June is recognised as one of the initiation months in the Eastern Cape and other parts of South Africa, where young men undergo the traditional rite of passage into adulthood. During a community workshop in Nxarhuni Village for National Anti-Drug Awareness Week (17-21 June), a concerned mother voiced her fears: “Soon social gatherings and celebrations are going to take over this village when our sons return home, and there will be a lot of alcohol, and we will find children drunk.” 

This week precedes the International Day against Drug Abuse and Illicit Trafficking, commemorated annually on 26 June, which aims to create awareness and educate communities about the effects and impact of substance abuse.

Community halls in Buffalo City became hubs for various stakeholders, including youth, law officials, liquor traders, traditional leaders, and especially parents, seeking information and support to curb underage drinking and substance abuse. South Africa has gained global recognition as one of the riskiest drinking countries, with a national review indicating high levels of binge drinking, especially among the youth, regardless of settlement type and socio-economic status.

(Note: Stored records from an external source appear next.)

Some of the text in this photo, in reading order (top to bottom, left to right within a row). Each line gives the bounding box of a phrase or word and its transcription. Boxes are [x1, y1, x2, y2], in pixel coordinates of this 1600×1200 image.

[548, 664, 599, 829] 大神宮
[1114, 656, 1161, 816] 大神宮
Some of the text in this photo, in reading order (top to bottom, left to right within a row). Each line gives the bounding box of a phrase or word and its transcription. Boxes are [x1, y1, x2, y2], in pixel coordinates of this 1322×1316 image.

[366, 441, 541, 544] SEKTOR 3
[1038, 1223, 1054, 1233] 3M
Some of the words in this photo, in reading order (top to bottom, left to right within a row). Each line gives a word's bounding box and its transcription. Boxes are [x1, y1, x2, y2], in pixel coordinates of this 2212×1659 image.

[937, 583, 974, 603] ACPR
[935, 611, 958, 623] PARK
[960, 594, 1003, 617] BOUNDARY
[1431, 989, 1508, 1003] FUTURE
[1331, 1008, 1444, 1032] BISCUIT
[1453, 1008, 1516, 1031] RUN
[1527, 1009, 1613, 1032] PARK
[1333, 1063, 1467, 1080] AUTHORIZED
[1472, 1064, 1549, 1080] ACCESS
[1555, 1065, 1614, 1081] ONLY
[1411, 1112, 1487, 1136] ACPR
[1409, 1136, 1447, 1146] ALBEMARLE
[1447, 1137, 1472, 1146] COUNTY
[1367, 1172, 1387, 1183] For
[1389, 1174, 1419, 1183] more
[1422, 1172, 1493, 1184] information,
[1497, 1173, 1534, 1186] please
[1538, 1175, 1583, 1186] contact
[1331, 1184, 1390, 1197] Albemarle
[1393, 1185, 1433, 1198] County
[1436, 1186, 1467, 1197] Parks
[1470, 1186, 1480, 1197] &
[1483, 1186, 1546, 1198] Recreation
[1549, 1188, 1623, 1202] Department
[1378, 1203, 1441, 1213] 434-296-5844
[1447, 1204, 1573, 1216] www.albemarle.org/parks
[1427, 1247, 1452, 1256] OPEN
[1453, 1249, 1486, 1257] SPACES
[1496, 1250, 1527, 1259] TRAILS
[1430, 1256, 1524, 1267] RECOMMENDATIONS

In Nxarhuni, community members discussed the prevalence of underage drinking during homecoming celebrations for initiates. While these events are often joyous and festive, they can also become hotspots for substance abuse. Ms Albertina Sam emphasised the need for parents to set positive examples: “Intervention begins with us. We must model good behaviour for our children. It’s now initiation season; it doesn’t mean our children must see us drunk. We need to try and do better as parents.” Many stakeholders echoed this sentiment, stressing the crucial role parents play in shaping their children’s behaviours. One mother on stage remarked, “It all starts with self-love,” and discouraged parents from abandoning their children when they start experimenting with substances.

The workshop underscored the importance of the Ubuntu philosophy and the saying, “It takes a village to raise a child,” as key themes in combating substance abuse. Motshabi Nkoane, Social Work Policy Manager for the Substance Abuse programme at the Department of Social Development, encouraged community solidarity: “When your neighbour’s child has a problem with substance abuse, it’s not an opportunity to turn a blind eye or mock their situation; you need to participate and help.”

Mr Bongani Dyantyi from the Department of Social Development, in his closing remarks, expressed hope that parents felt empowered and informed about the supportive services available to them. He reiterated this year’s theme for the International Day against Drug Abuse and Illicit Trafficking: “Listening to children and youth is the first step to help them grow healthy and safe against alcohol and drugs,” urging the community to invest in prevention and support their children.